NSP - Containers


Wherever pesticides are used, empty containers are generated.

Obviously, no country can eliminate the problem of used pesticide containers in a single, or even a series, of disposal operations. It's an ongoing problem; one that poses a serious threat to the environment and public health.

In many developing countries, empty pesticide containers are highly valued property. Even though it is usually impossible to remove all traces of toxic chemicals from pesticide containers, people often use them for storing fuel or even food and water.

This is clearly an unsafe practice that must be discouraged.

Dangers of improper disposal

When measures are taken to dispose of containers, often they are not appropriate. For example, many pesticide suppliers and national authorities recommend the burying or burning of waste pesticides and empty containers. But buried chemical waste can contaminate soil and groundwater, while burning pesticides and containers releases highly toxic fumes. 

Often pesticides, empty containers and contaminated materials are dumped in landfills or other general waste collection sites. Most of these sites aren't designed to prevent toxic materials from leaking into the ground or being washed out by rain into water bodies. In developing countries such sites are also usually scavenged and useful items such as pesticide containers are reclaimed.

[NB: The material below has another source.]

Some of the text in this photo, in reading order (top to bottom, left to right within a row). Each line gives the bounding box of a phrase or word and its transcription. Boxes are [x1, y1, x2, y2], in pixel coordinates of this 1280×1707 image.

A responsibility of industry and the government

Most pesticide users can't dispose of pesticides and related waste materials safely. And indeed, they shouldn't be expected to.

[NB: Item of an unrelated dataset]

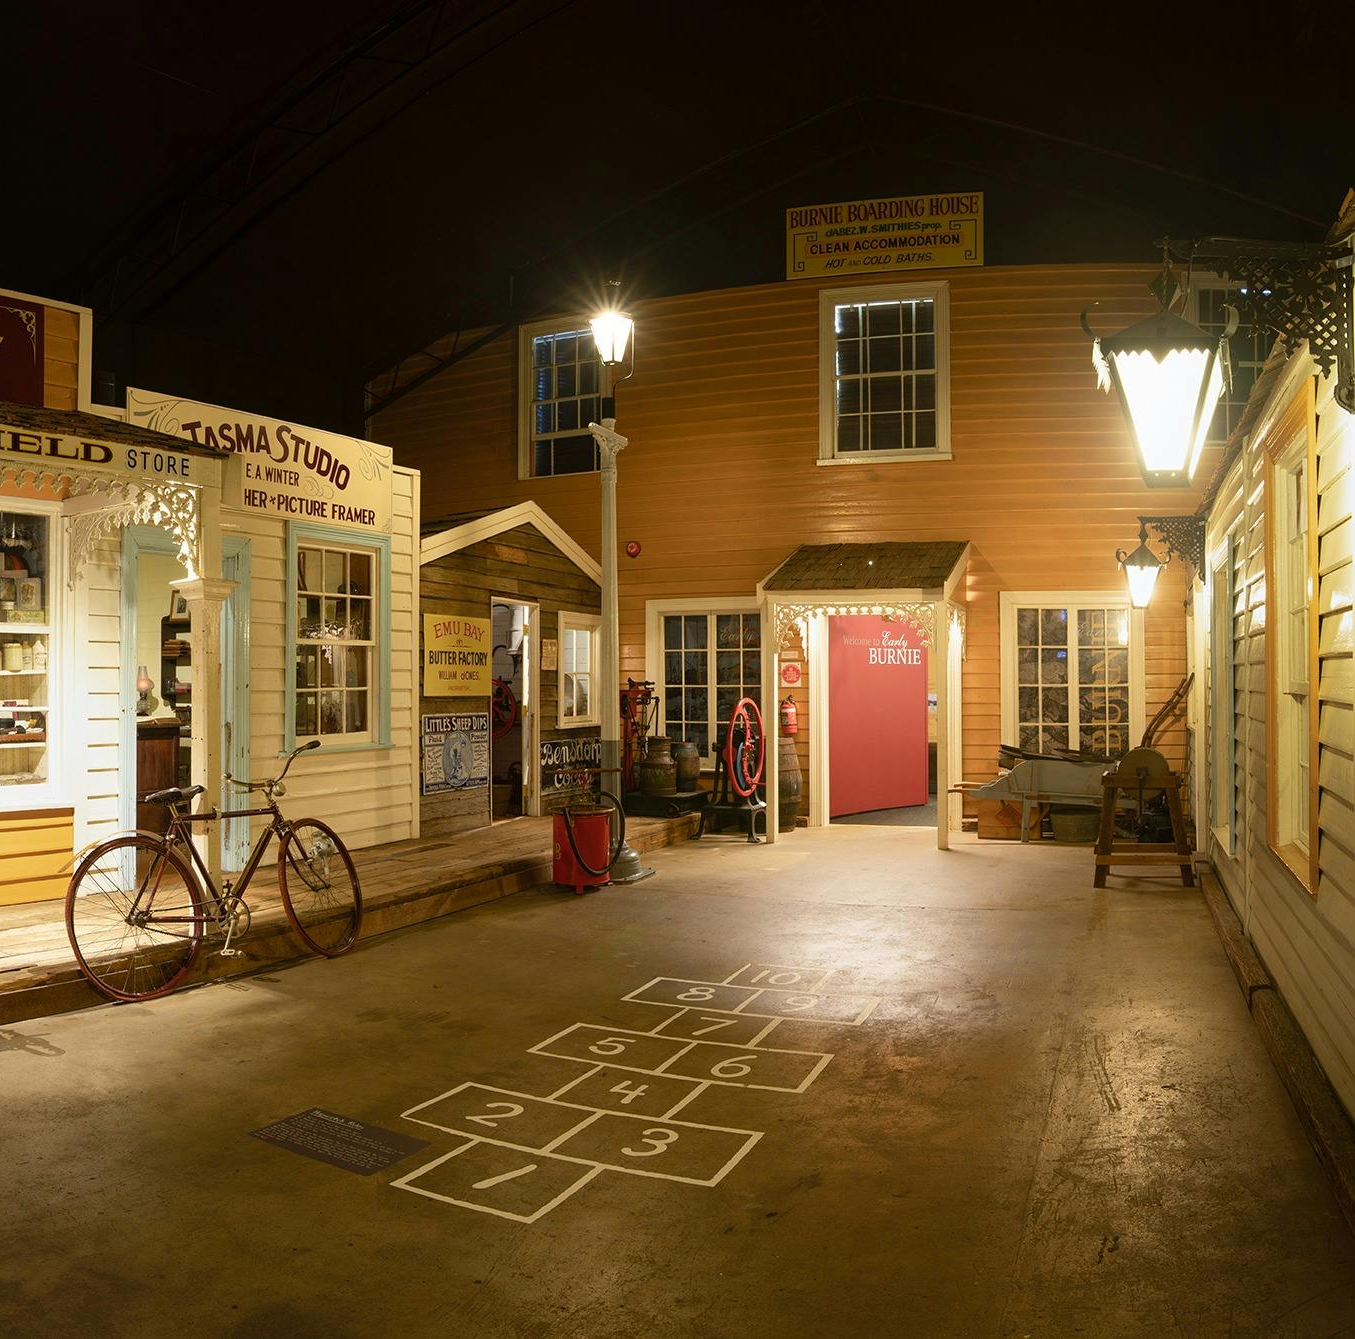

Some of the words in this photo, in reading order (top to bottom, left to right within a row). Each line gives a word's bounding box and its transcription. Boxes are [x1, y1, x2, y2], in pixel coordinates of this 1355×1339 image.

Under the International Code of Conduct on the Distribution and Use of Pesticides, manufacturers and distributors of pesticides are expected to provide facilities that allow pesticide users to dispose of empty containers and pesticide-related waste materials safely. National and local authorities must also help with the disposal of farmers' and householders' pesticide-related waste. They can do this by establishing schemes for collecting small quantities of pesticides, used containers and contaminated materials.

The FAO Programme provides technical advice and guidance to assist developing countries take the necessary to reduce the risks posed by used pesticide containers.